[Stored items]
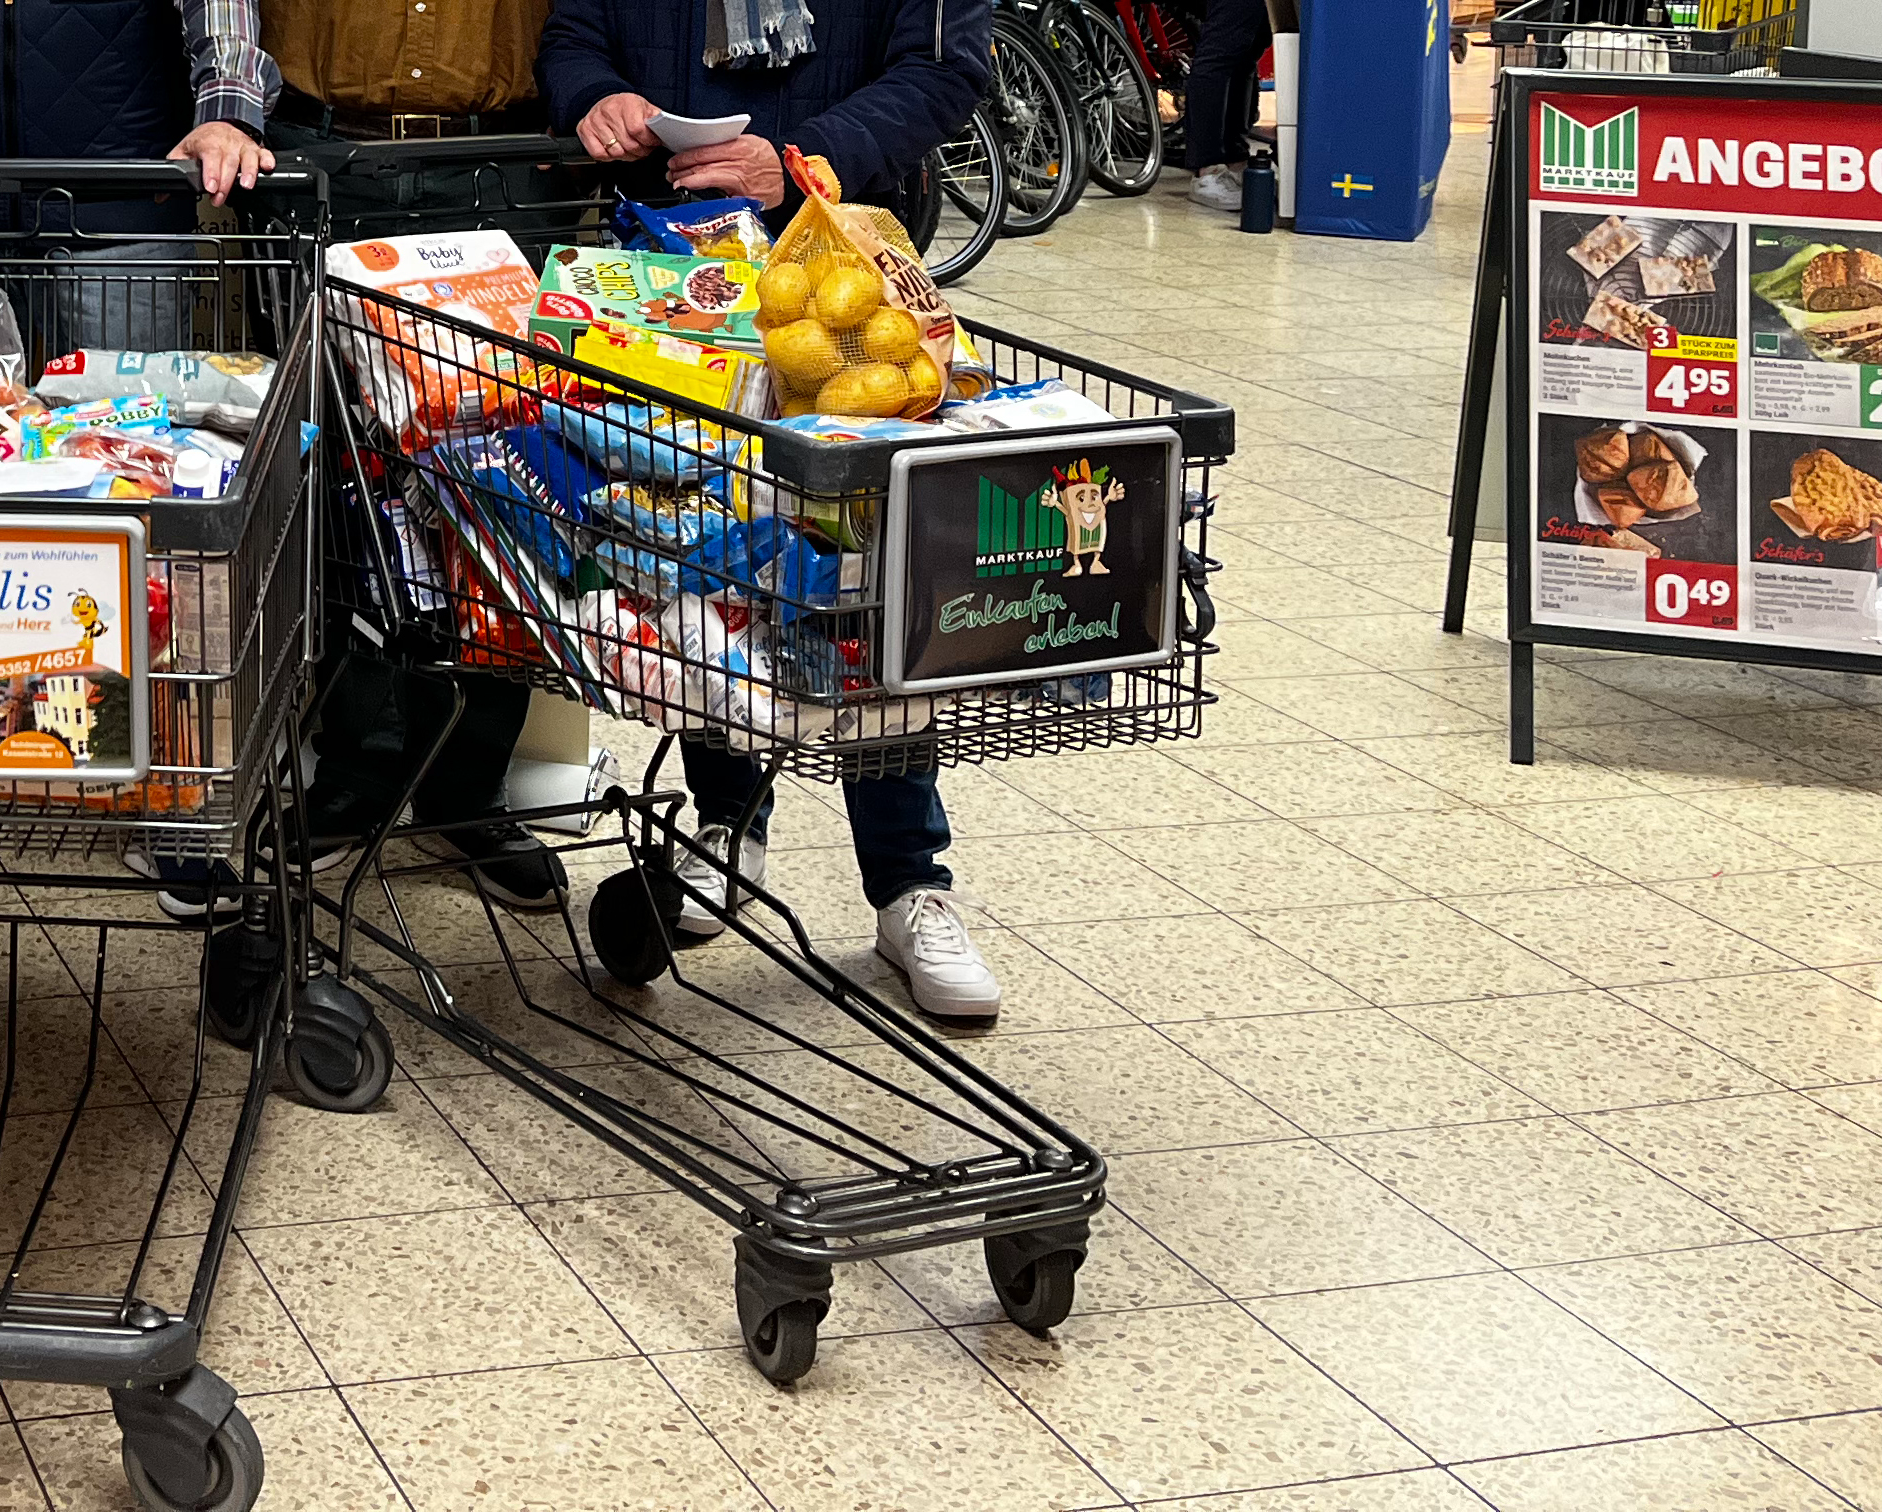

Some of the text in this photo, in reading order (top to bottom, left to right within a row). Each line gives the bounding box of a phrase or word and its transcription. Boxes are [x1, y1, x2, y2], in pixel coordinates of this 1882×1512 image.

[1542, 167, 1636, 180] MARKTKAUF
[416, 246, 464, 262] Baby
[594, 261, 639, 300] CHIPS
[456, 280, 539, 307] WINDELN
[1653, 328, 1669, 348] 3
[1680, 338, 1736, 350] STÜCK ZUM
[1681, 348, 1735, 359] SPARPREIS
[4, 552, 29, 561] zum
[32, 550, 98, 562] Wohlfühlen
[976, 548, 1064, 566] MARKTKAUF
[939, 578, 1067, 634] Einkaufen
[16, 617, 51, 632] Herz
[1023, 601, 1121, 653] erleben!
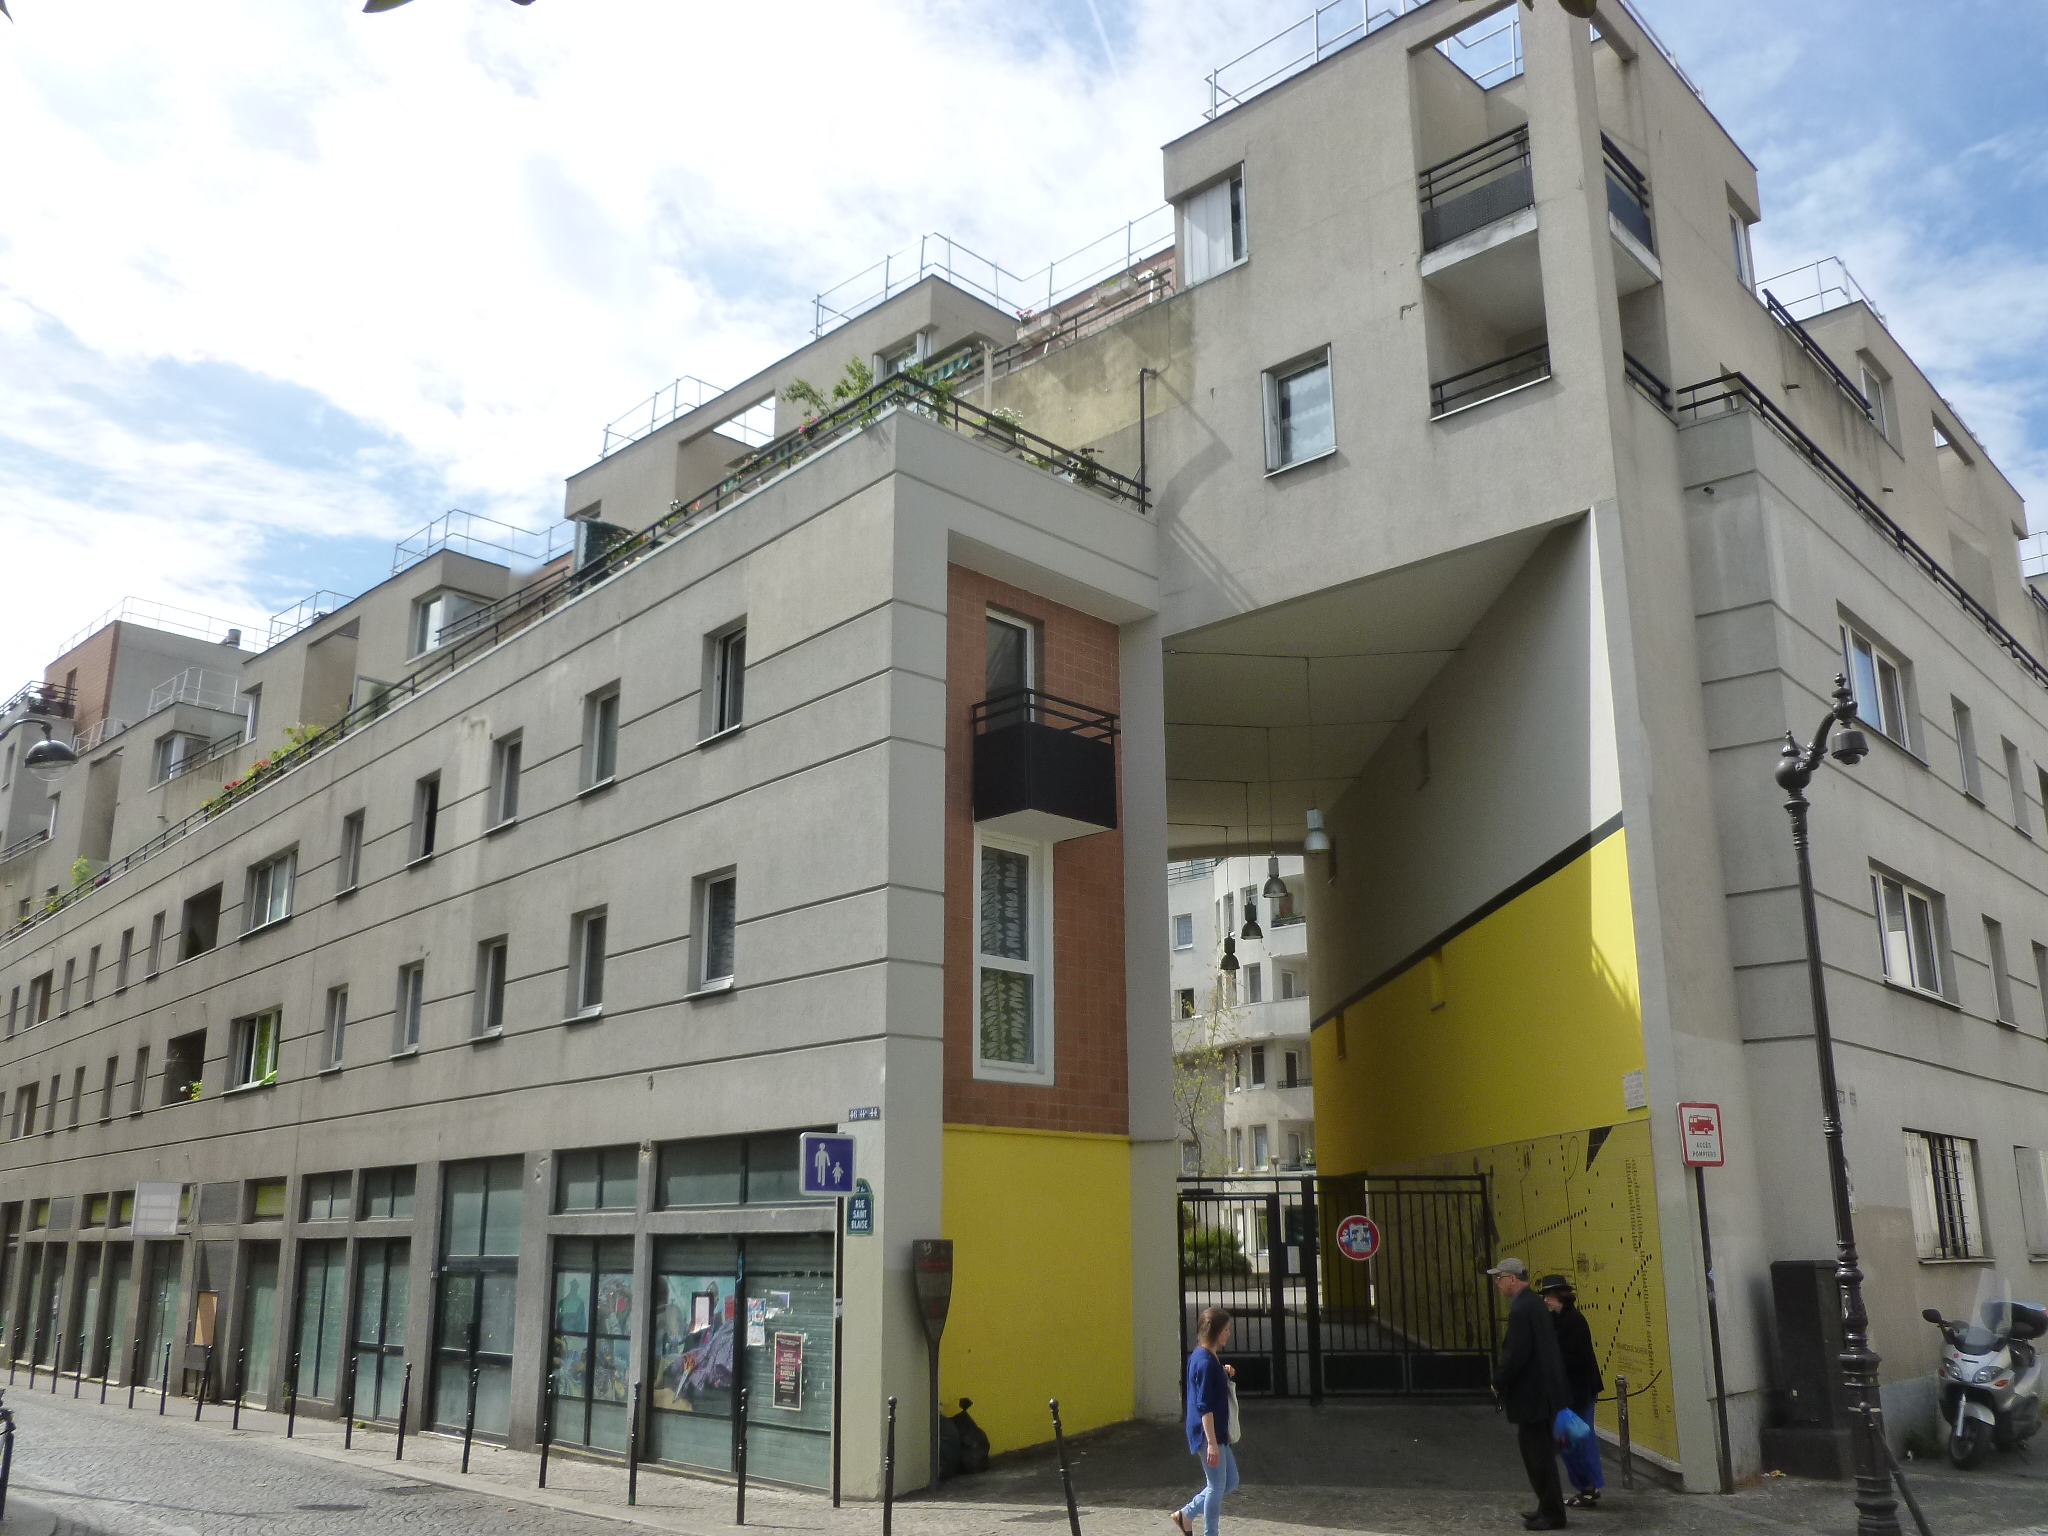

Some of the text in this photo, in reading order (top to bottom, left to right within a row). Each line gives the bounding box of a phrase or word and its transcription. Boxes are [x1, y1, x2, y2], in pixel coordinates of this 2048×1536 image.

[1696, 1141, 1712, 1149] ACCÈS
[1692, 1150, 1717, 1158] POMPIERS
[855, 1199, 865, 1209] RUE
[853, 1210, 867, 1219] SAINT
[851, 1220, 868, 1229] BLAISE
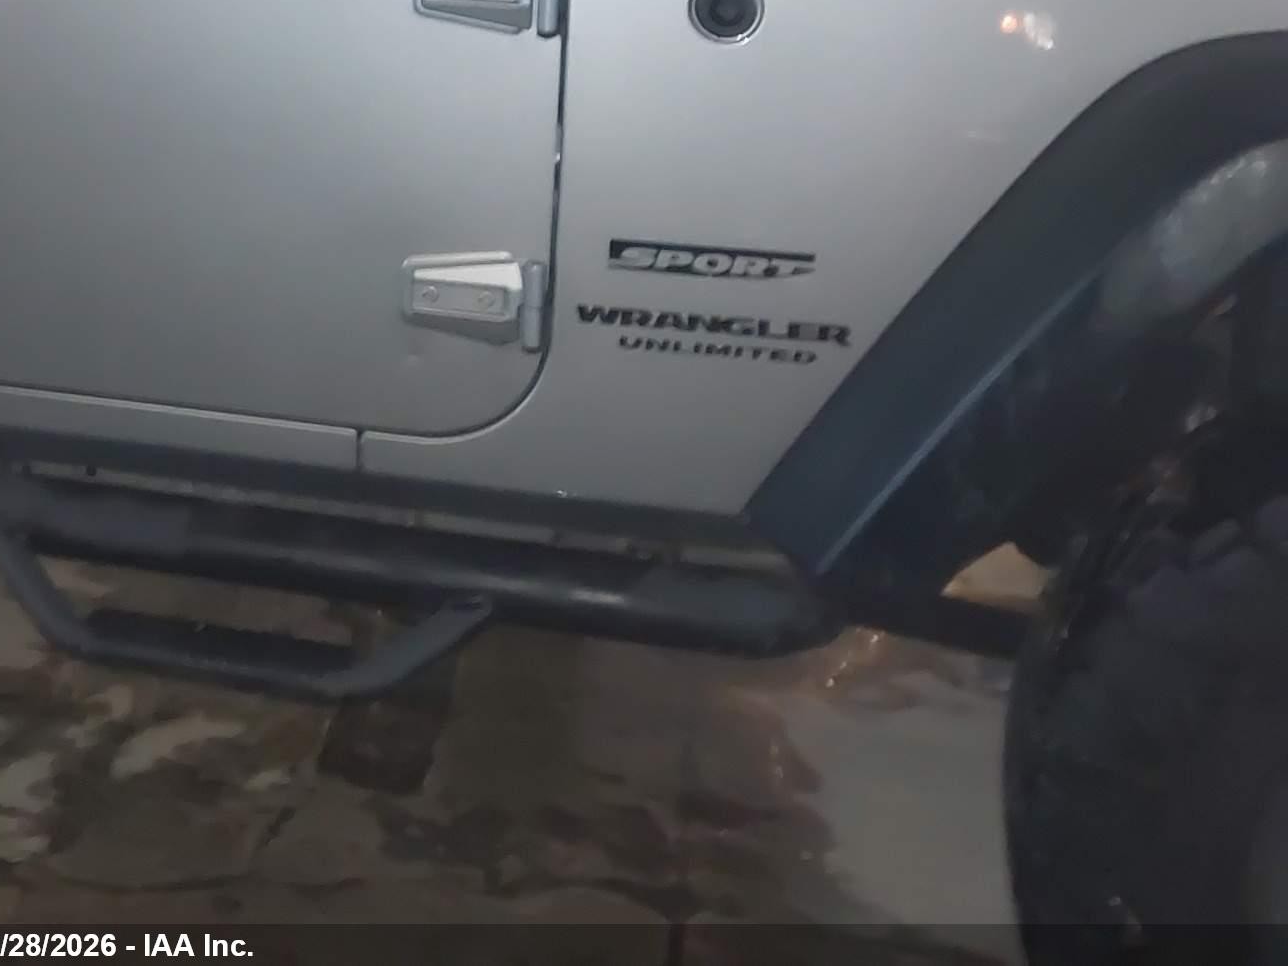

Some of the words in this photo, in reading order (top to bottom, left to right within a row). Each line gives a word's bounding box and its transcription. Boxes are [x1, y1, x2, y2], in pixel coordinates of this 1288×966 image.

[611, 246, 816, 277] SPORT
[577, 303, 852, 346] WRANGLER
[618, 335, 818, 365] UNLIMITED

About this exercise: Repeat, exactly and in full, every entry in the data, but not the pictures.

Response area:
Some of the text in this photo, in reading order (top to bottom, left to right within a row). Each line gives the bounding box of a phrase or word and its transcription. Boxes are [x1, y1, x2, y2], in pixel coordinates of this 1882×1512 image.

[1542, 167, 1636, 180] MARKTKAUF
[416, 246, 464, 262] Baby
[594, 261, 639, 300] CHIPS
[456, 280, 539, 307] WINDELN
[1653, 328, 1669, 348] 3
[1680, 338, 1736, 350] STÜCK ZUM
[1681, 348, 1735, 359] SPARPREIS
[4, 552, 29, 561] zum
[32, 550, 98, 562] Wohlfühlen
[976, 548, 1064, 566] MARKTKAUF
[939, 578, 1067, 634] Einkaufen
[16, 617, 51, 632] Herz
[1023, 601, 1121, 653] erleben!

Some of the text in this photo, in reading order (top to bottom, left to right within a row). Each line gives the bounding box of a phrase or word and its transcription. Boxes are [x1, y1, x2, y2], in pixel coordinates of this 2048×1536 image.

[1696, 1141, 1712, 1149] ACCÈS
[1692, 1150, 1717, 1158] POMPIERS
[855, 1199, 865, 1209] RUE
[853, 1210, 867, 1219] SAINT
[851, 1220, 868, 1229] BLAISE

Some of the words in this photo, in reading order (top to bottom, left to right within a row). Each line gives a word's bounding box and its transcription. Boxes are [x1, y1, x2, y2], in pixel coordinates of this 1288×966 image.

[611, 246, 816, 277] SPORT
[577, 303, 852, 346] WRANGLER
[618, 335, 818, 365] UNLIMITED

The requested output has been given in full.